Yendo suelta, sin más compromiso conmigo misma que aceptar lo que se diera, resultó una fiesta mejor de lo que mi simplona imaginación habría aportado. Fui tan suelta como para poder generar en mi cabeza una crónica que comenzara con un gerundio, apartada totalmente de las reglas que tratan de evitarlo como si fuera el mismísimo mal, o la porquería que era el sexo cuando chicas, y aceptando la posibilidad que en ese instante, y sólo en ése, me daba por yendo, uno de los gerundios más condenados por los editores, entre ellos, claro, el señor, que lo supo ser, y de los duros.
Tan suelta como para no atolondrarme con el punto seguido, y poner un punto y aparte, y pensar que es muy lindo ser reconocida, mirada, mimada, apoyada, franeleada en las tetas, apretada en la pelvis, meneada con la mano en la cintura, besada con pasión y ternura en la mejilla, como se besa a quien se desea en futuro.
Tan suelta como para saber que si pintaba algo tendría que ser express, porque esperaban los chicos en casa con la señora que los cuida, y la señora debía amanecer en su casa, y en mi casa nadie más que los chicos y yo debíamos amanecer; y que entonces sería express en la casa de él o en el antaño visitado albergue transitorio, todo un flash, un deja vu irrepetible que se hubiera convertido en un viaje lisérgico, y que sólo con eso pagaba todos los riesgos.

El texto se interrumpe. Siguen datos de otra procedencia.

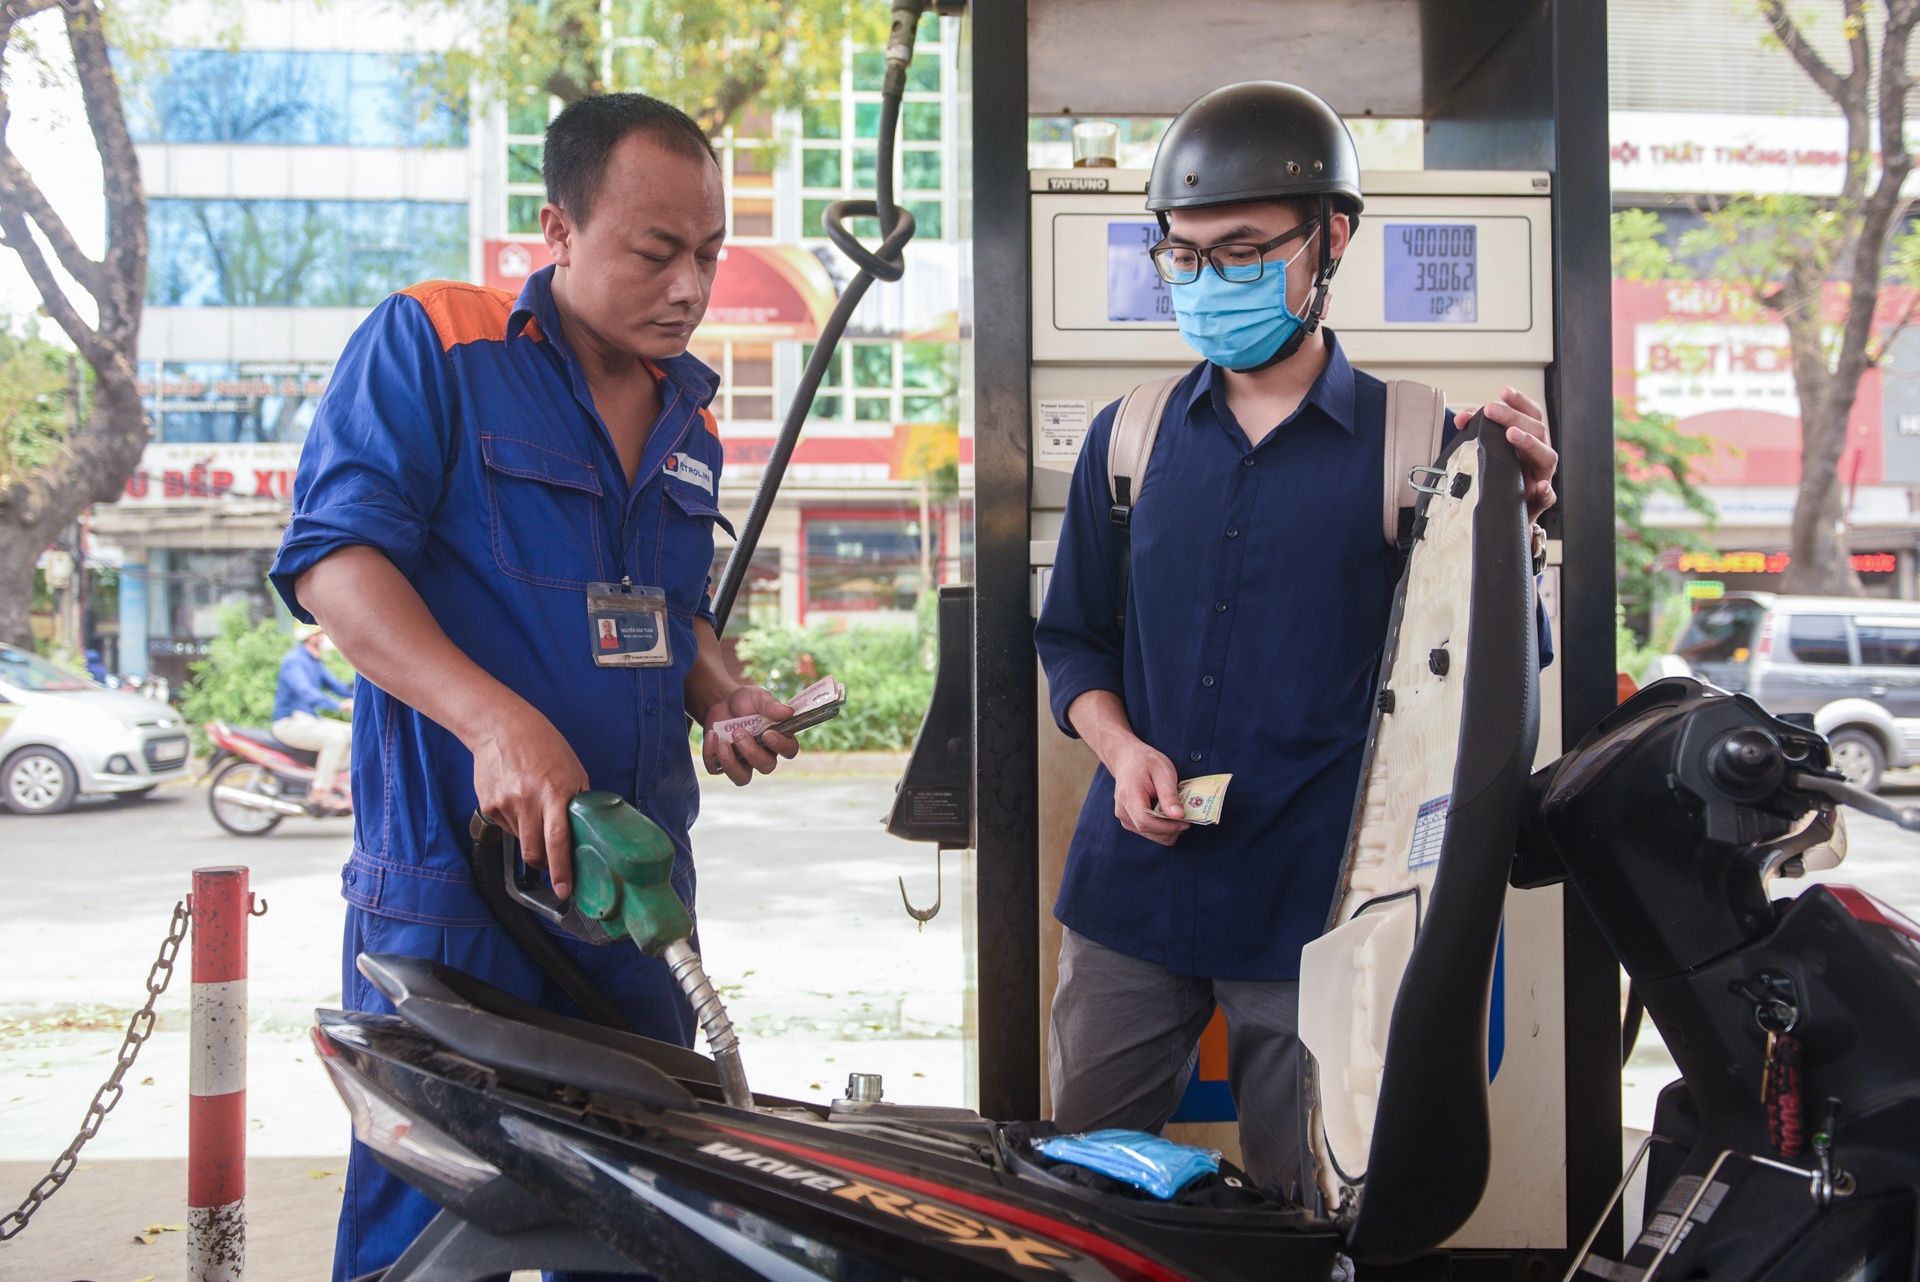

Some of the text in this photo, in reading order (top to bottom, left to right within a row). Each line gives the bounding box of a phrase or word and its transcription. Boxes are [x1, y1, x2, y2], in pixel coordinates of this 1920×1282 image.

[1050, 179, 1107, 190] TATSUNO
[1402, 228, 1474, 256] 400000
[1428, 296, 1474, 316] 10240
[164, 457, 234, 498] BẾP
[254, 470, 296, 498] XU
[696, 1141, 1077, 1271] wave RSX
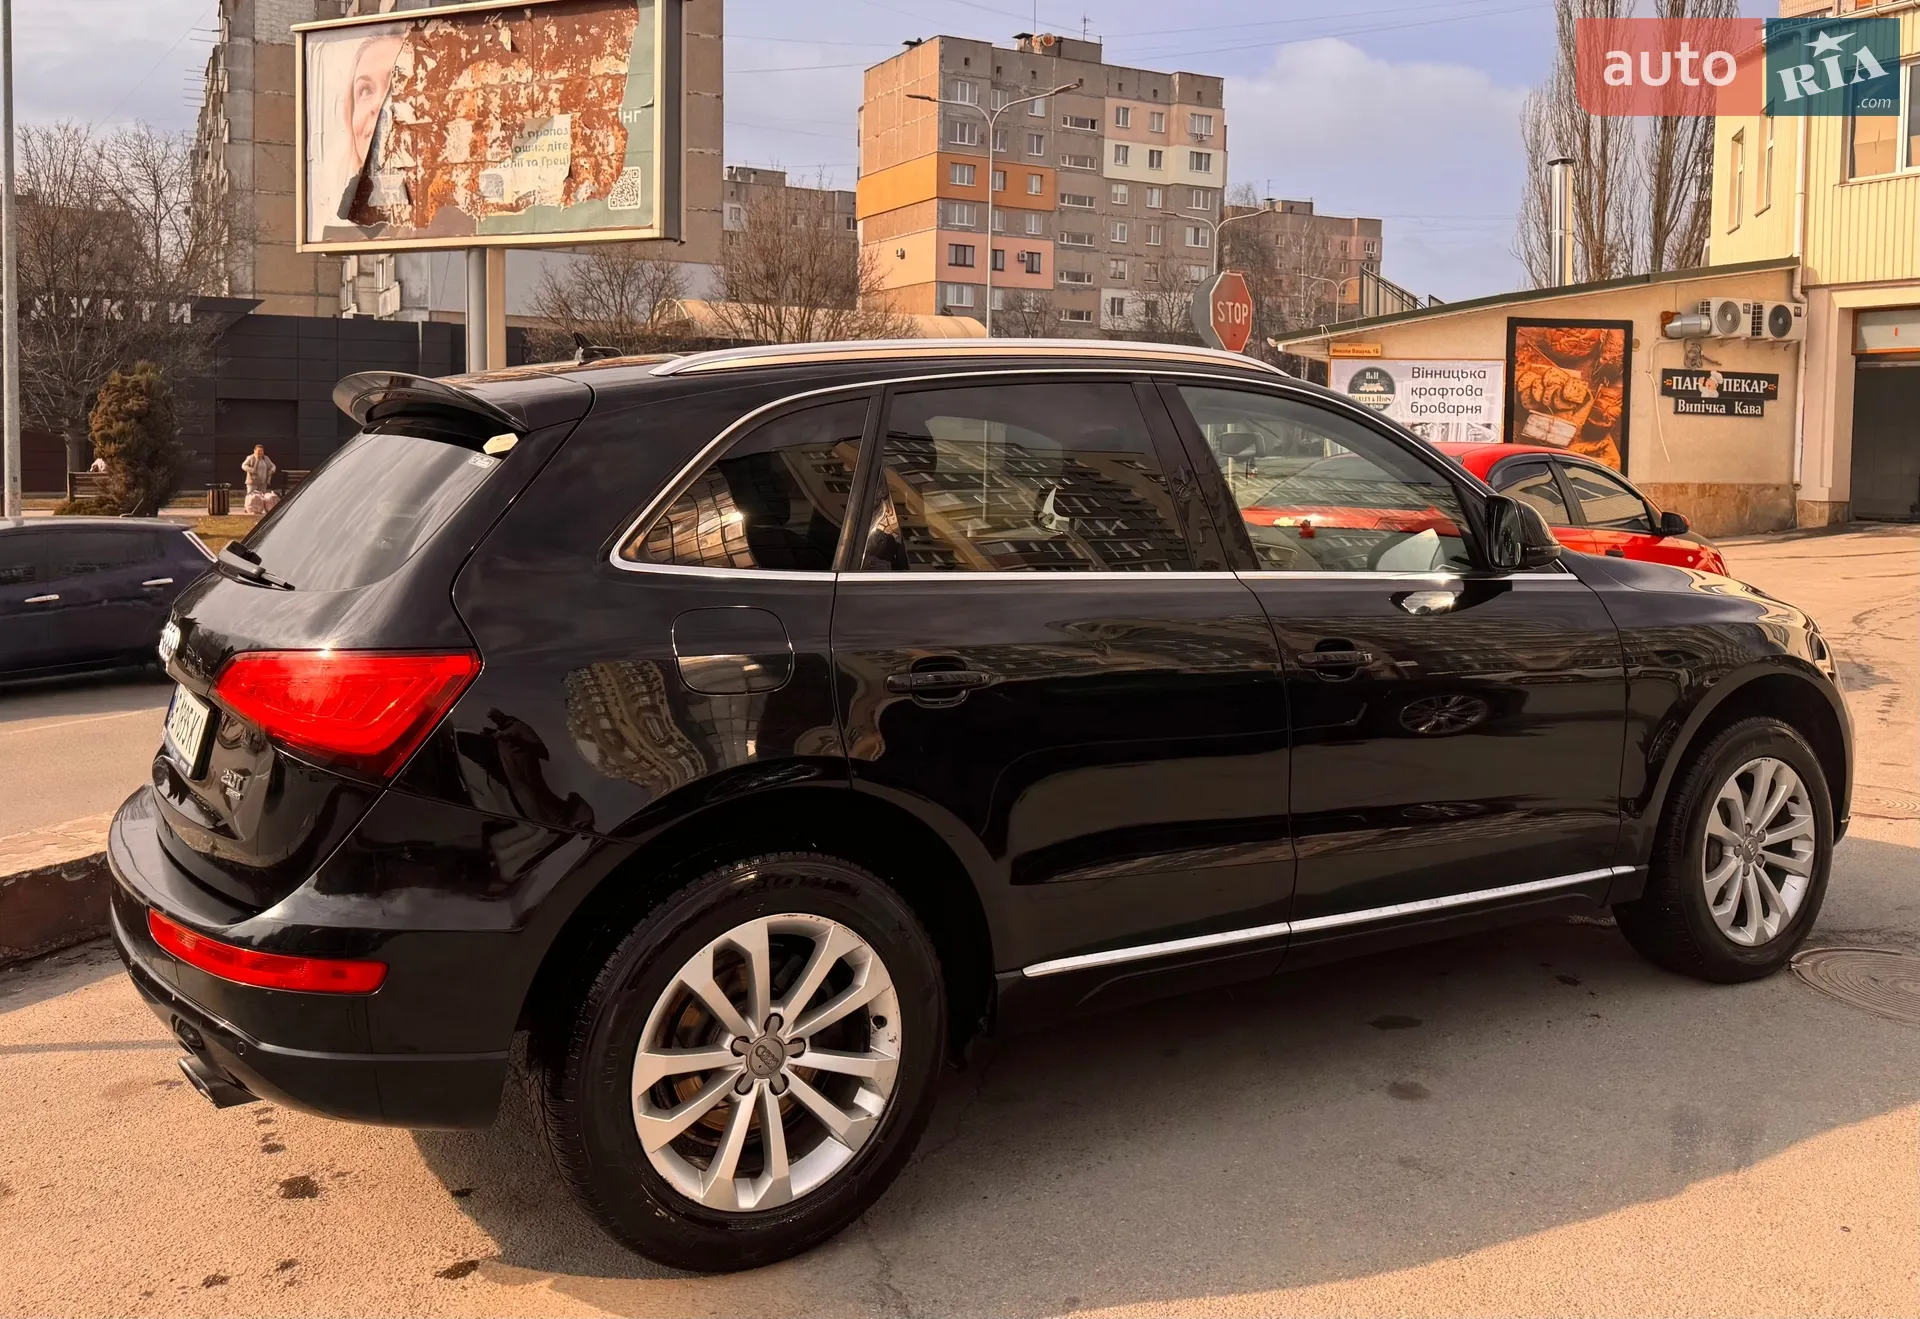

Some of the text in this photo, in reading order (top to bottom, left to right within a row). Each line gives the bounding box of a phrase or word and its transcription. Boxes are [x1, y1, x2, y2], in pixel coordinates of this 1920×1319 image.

[1217, 300, 1249, 326] STOP
[1411, 366, 1487, 382] Вінницька
[1411, 384, 1483, 399] крафтова
[1722, 378, 1768, 393] ПЕКАР
[1410, 401, 1482, 416] броварня
[1677, 399, 1762, 415] Випічка Кава

Tan suelta como para volver sola y no pensar que había perdido nada. Y que si había perdido no importaba, porque como me dijo un amigo respecto al tiempo hace uno años: lo único que se puede hacer con él es perderlo. Y así se me cruzó la loca ida de que más rico que haber ganado es haber perdido mucho: eso habla de las muchas oportunidades que una se generó y que osadamente dijo no donde la mayoría hubiera dicho o dijo sí, y que si perdió mucho es porque mucho la desearon y que el hecho de haber rechazado ofertas lejos de hacerla superflua y pretensiosa la hizo elitista y fina, pero por sobre todas las cosas, sin culpa: sólo de esa manera es posible disfrutar de esos momentos en que una se va de una fiesta empujando pretendientes con una sonrisa en la boca y una carcajada interna, un estado de la felicidad poco compartible, como la mayoría de los estados de la felicidad.
Tan suelta como para volver, verlos dormir (a ella, a él no porque ya es grande y la eventualidad de despertarlo por un placer sólo mío sería motivo de crispación, entorpecimiento de la relación y peor, y muy a mi pesar, dar lugar a un trato símil pareja que descubrí hace poco y me puso enteramente mal), y pensar que después de todo no está tan mal, que la madre se sienta linda y agraciada muy probablemente redunde en un beneficio para ellos, que al verla bien (feliz, podría decirse), se animarían a más, especialmente a molestarla, como a veces molestan muy bien los chicos con su: Mamá, jugamos?; o su Maaa!, venís? Y que después de todo, para ellos, puede ser una aventura quedarse solos, lejos de su madre, como cuando chicos con mis hermanos festejábamos las salidas de mama y papá.
Yendo tan suelta que parezco alegre. Y lo estoy.